Du côté de la sécurité d'emploi, les constats ne sont pas plus réconfortants : les contrats à durée déterminée (CDD) augmentent d'un point tous les cinq ans et, plus généralement, le sentiment d'un emploi non assuré se développe. Quand on propose aux salariés européens de se situer par rapport à l'affirmation " Je risque de perdre mon travail au cours des six prochains mois ", les réponses " complètement d'accord " varient presque du simple au double selon les catégories sociales (22,5 % pour les " cols bleus " - en gros, les ouvriers - non qualifiés, contre 11,4 % pour les cadres qualifiés) et ont progressé de plusieurs points, dans chaque catégorie, entre 2005 et 2010 (voir graphique page ci-contre).

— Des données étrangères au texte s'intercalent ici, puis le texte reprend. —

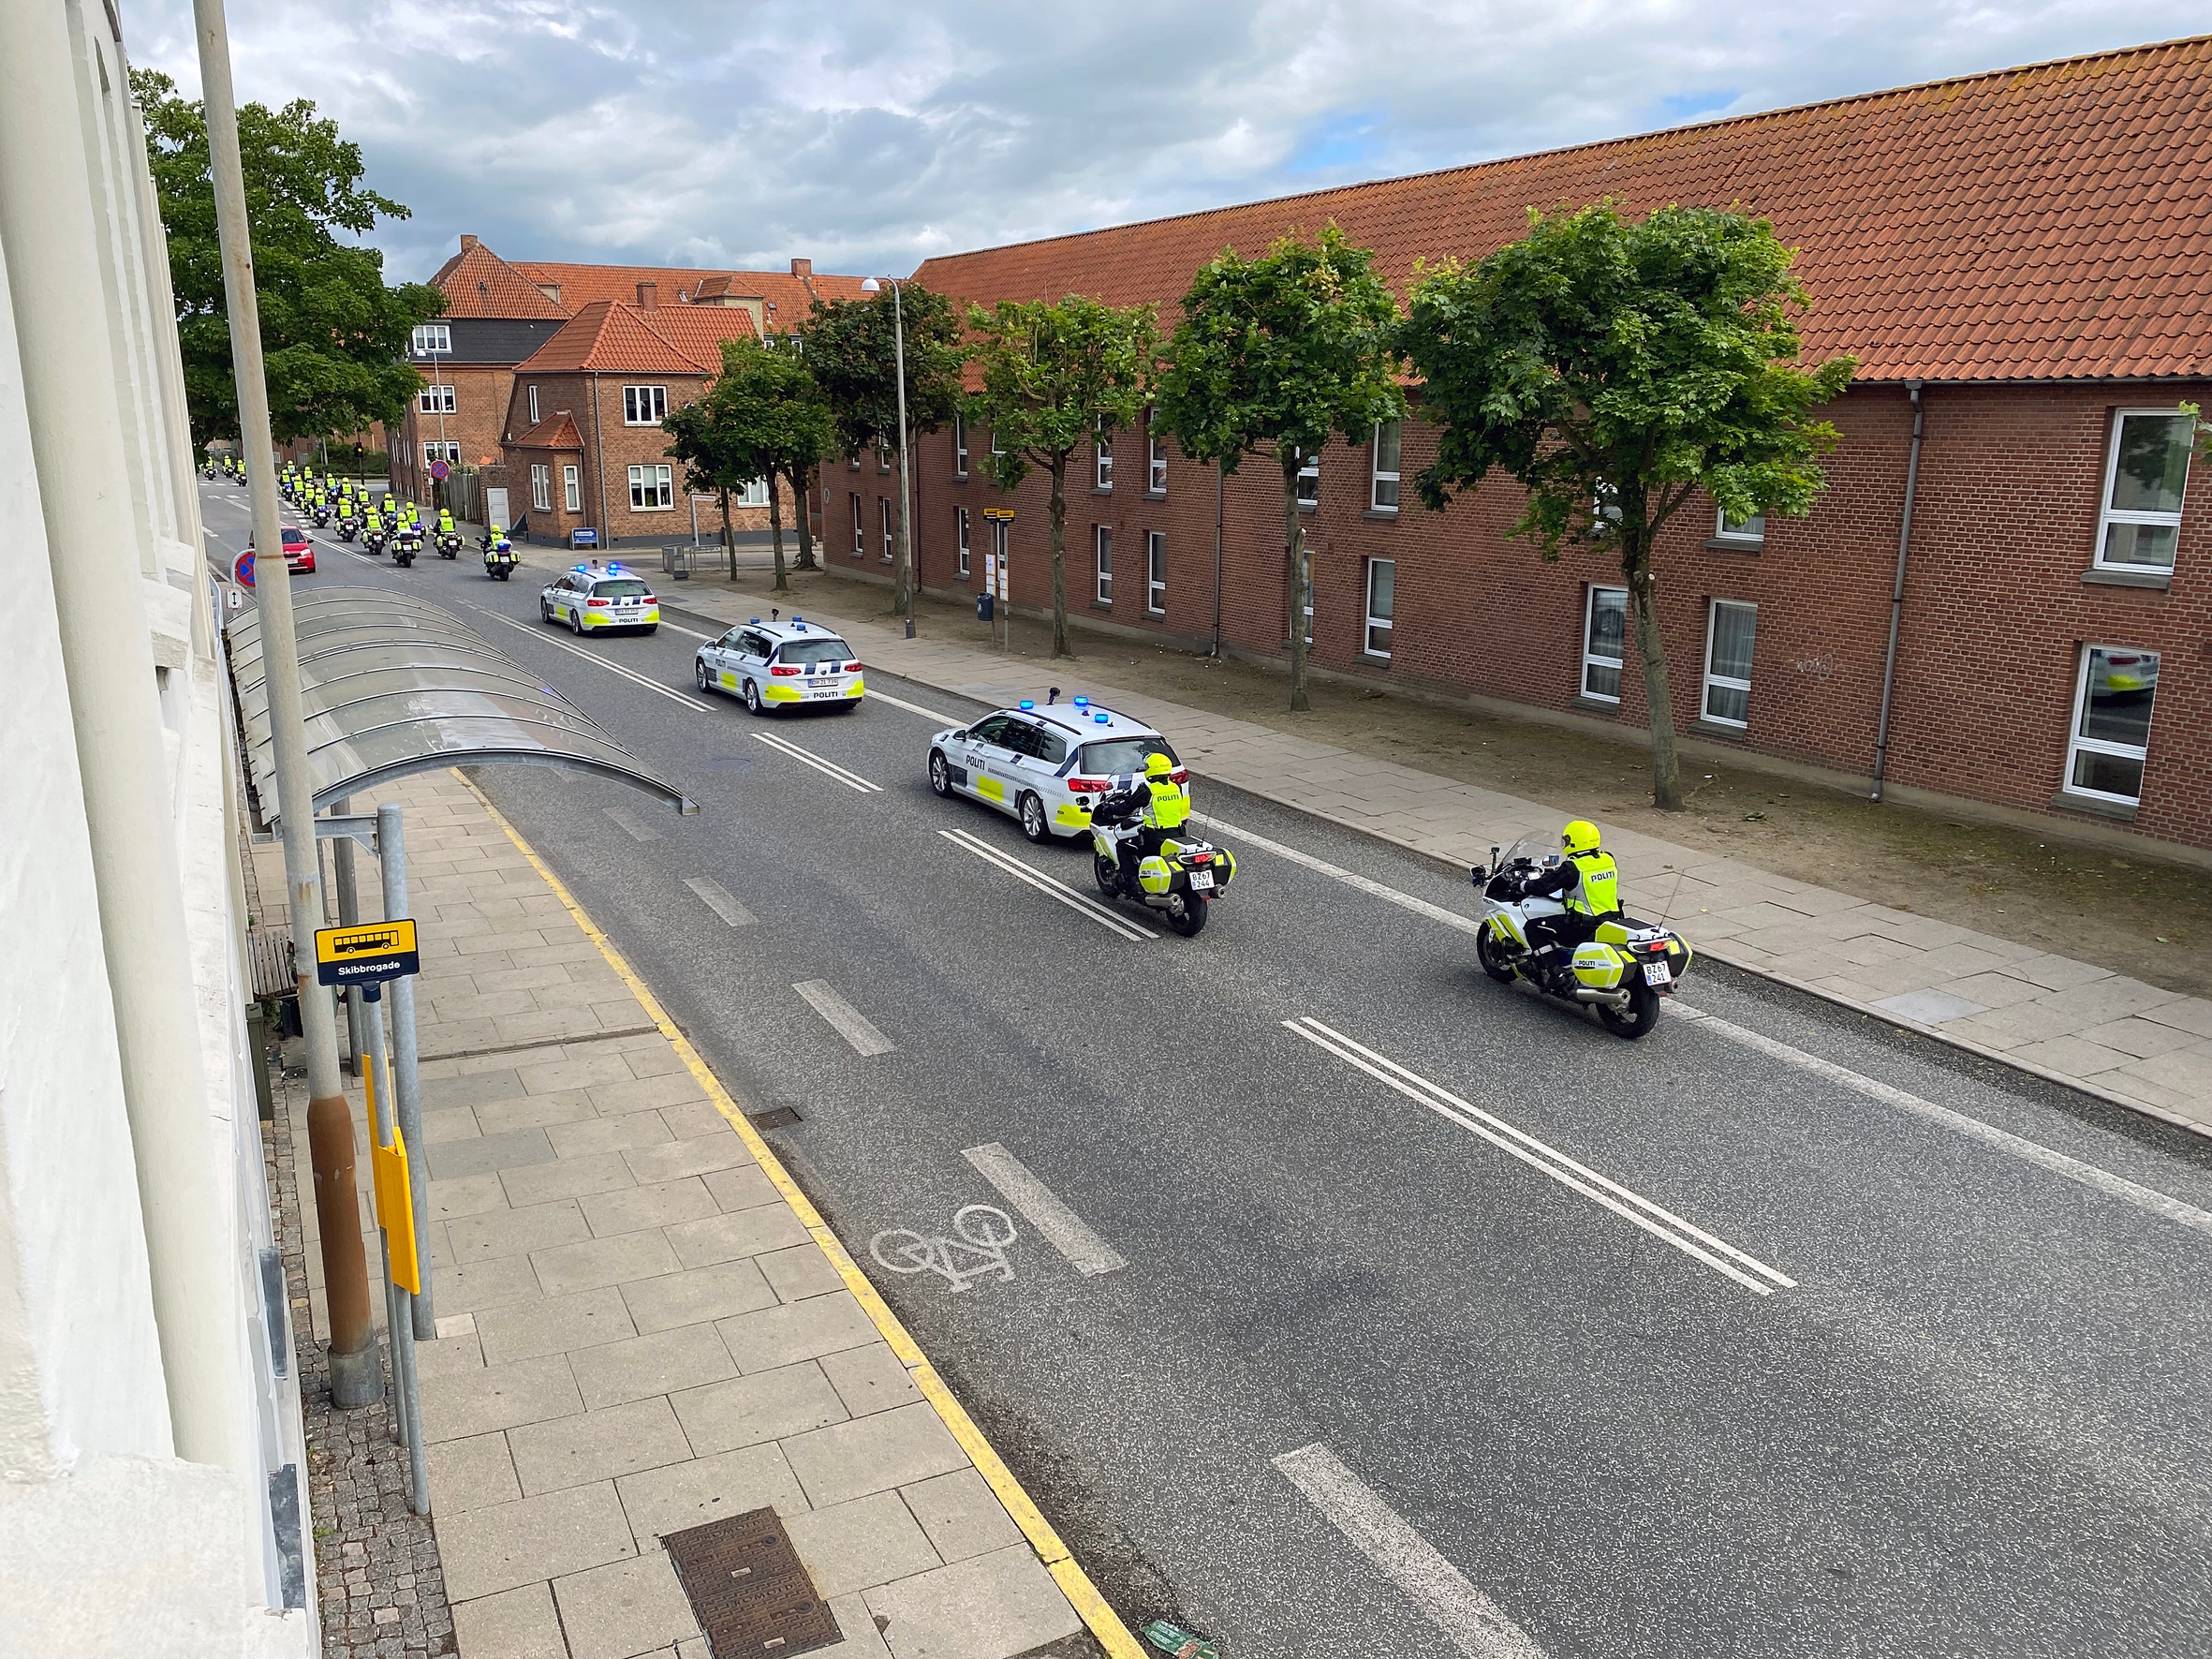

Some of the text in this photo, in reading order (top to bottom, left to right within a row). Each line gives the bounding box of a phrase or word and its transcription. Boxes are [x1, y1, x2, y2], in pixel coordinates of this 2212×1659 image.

L'informatique, source de contraintes de rythme

Stimulée d'un côté par une gestion de plus en plus flexible de la main-d'oeuvre, l'intensité du travail est soutenue de l'autre par les changements dans les techniques et les organisations du travail. L'édition 2010 de l'enquête comporte de ce point de vue une nouveauté intéressante : on interroge les salariés sur l'existence (ou non), au cours des trois ans écoulés, de changements ayant eu un impact sur leur environnement de travail immédiat. La réponse est affirmative pour près de la moitié des répondants, avec certes de fortes différences entre pays, selon une échelle à peu près " Nord/Sud " : plus de 60 % en Scandinavie, en dessous de 40 % sur le pourtour méditerranéen - ce qui constitue tout de même une proportion élevée.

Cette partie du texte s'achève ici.